Review: Calling Elemental Disney Pixar’s most imaginative film ever wouldn’t be an overstatement. The plot of this film is set in the Element City – a hotshot and colourful metropolis showing off its high-tech gadgets and state-of-the-art infrastructure where the elements of nature namely water, fire, earth, and air reside. While the rest co-exist peacefully, Bernie (the fire voiced by Ronnie del Carmen) is an eyesore for everyone for he has immigrated from the Fire city. Bernie and his family are treated as an outcast due to their inflammable and destructive nature but the enterprising couple somehow manages to thrive even in a city where they are not welcome. For Bernie, his daughter Ember is the heir apparent to his modest convenience store called ‘Fireplace’ but she needs to get a grip on her anger issues. However, before Ember can fix that her fiery outburst causes a pipe burst in their basement that inadvertently leads Wade Ripple, a water element health inspector right into her life. What happens next forms the crux of this quirky and unpredictable film that takes its audience on a rollercoaster ride of emotions.

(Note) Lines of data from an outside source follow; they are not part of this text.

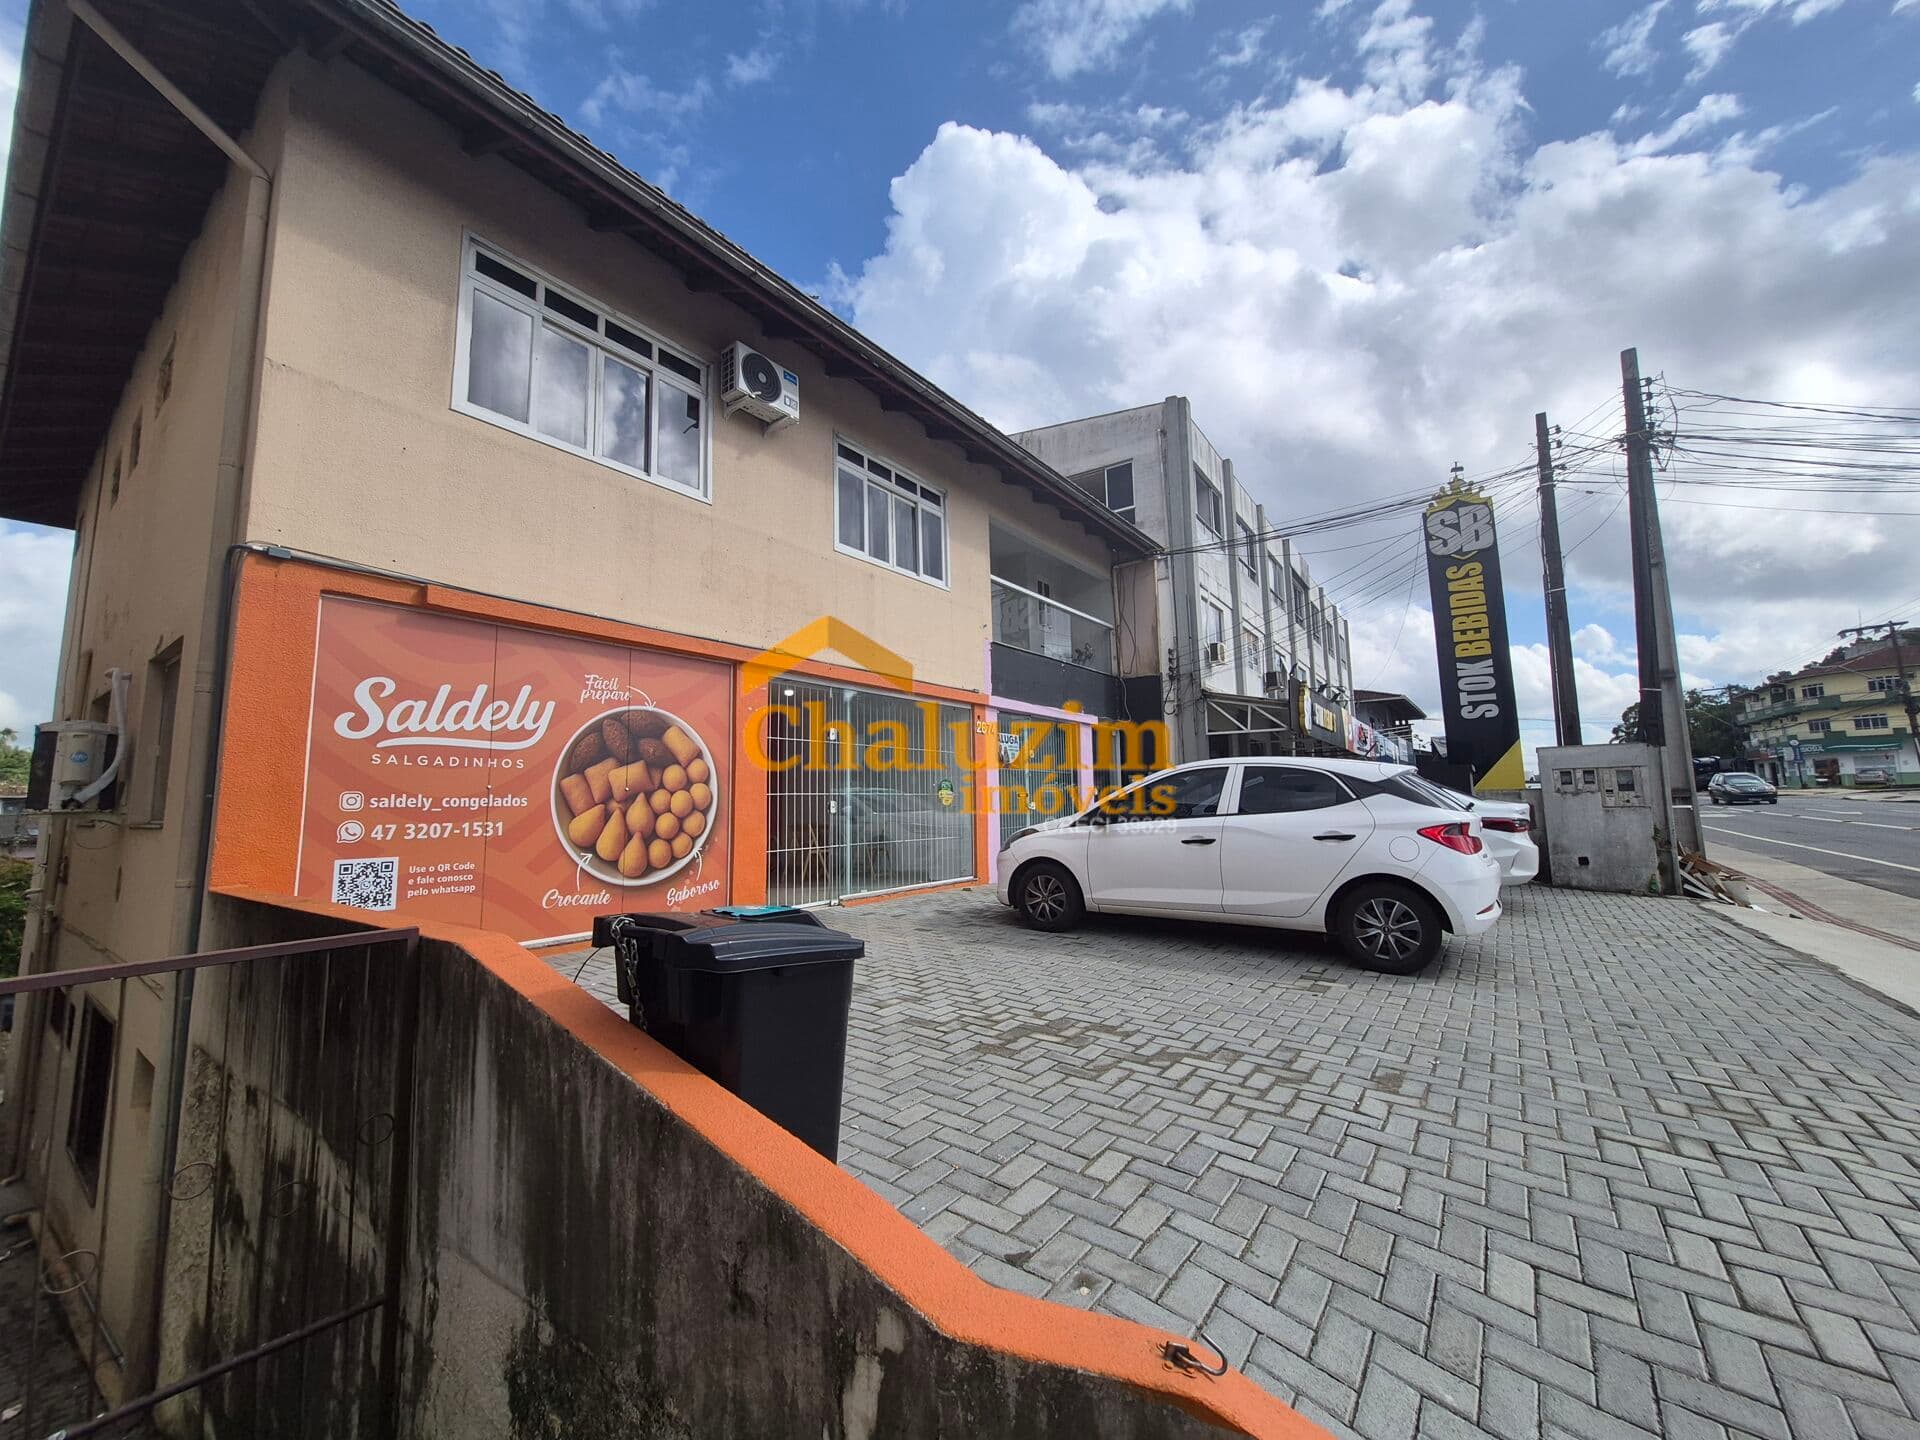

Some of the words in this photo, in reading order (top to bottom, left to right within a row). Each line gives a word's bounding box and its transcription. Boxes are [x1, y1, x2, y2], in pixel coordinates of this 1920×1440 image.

[1427, 504, 1494, 556] SB
[1446, 561, 1492, 657] BEBIDAS
[584, 674, 620, 690] Fácil
[1456, 659, 1499, 719] STOK
[580, 688, 632, 704] preparo
[333, 676, 556, 750] Saldely
[371, 753, 525, 769] SALGADINHOS
[369, 794, 528, 812] saldely_congelados
[370, 824, 397, 840] 47
[403, 821, 504, 840] 3207-1531
[409, 865, 426, 874] Use
[437, 863, 450, 872] QR
[453, 862, 475, 871] Code
[416, 875, 435, 884] fale
[437, 874, 473, 883] conosco
[407, 887, 428, 898] pelo
[431, 884, 476, 896] whatsapp
[541, 888, 612, 909] Crocante
[666, 879, 720, 906] Saboroso

Writers John Hoberg, Kat Likkel and Brenda Hsueh give us endearing and real characters who are so easy to relate with. This despite the fact that they are powerful and mystical elements of nature and we have so far viewed them in a very different light. But ‘Element’ doesn’t just give them a voice. It humanises them by giving them real emotions and a deeply touching story that resonates with the audience. The makers successfully transport us into the Element city – a cool vibrant place where imagination runs wild. The breathtaking shots (by cinematographers David Juan Bianchi and Jean-Claude Kalache) and the pitch-perfect animation by team Pixar is a delight to watch on the big screen. It literally feels like an out of the world experience that comes alive with spectacularly vivid colours and mesmersing imagery. The deeply moving and acoustic original score by Thomas Newman that seems heavily influenced by the Indian ethos, add a layer of mystic to the proceedings. The screenplay moves at a consistent pace without ever feeling like a drag even when there are a few moments of repetitive conflict.
The film’s language isn’t full of corny puns but a smart usage of relevant terms that relate with fire and water to create a perfect harmony of comedic and timely punches. Even simple stuff like Wade telling Ember that she’s hot comes across as endearing. In fact, the idea of water and fire in love is beautifully captured with all its quirks firmly in place. Leah Lewis, Mamoudou Athie and the rest of the cast does full justice in giving their characters a human touch. Yes, it is over-simplified but that’s no dampner. The story and its execution’s rich emotional fabric is goosebumps inducing. The far-fetched idea of giving powerful forces like water and fire human-like vulnerabilities and insecurities is totally convincing and makes you laud the sheer power of imagination.
Elemental is an experience for the big screen for the whole family. It’s dreamy, surreal and magically entertaining without a moment of dullness. Do not miss it for the world.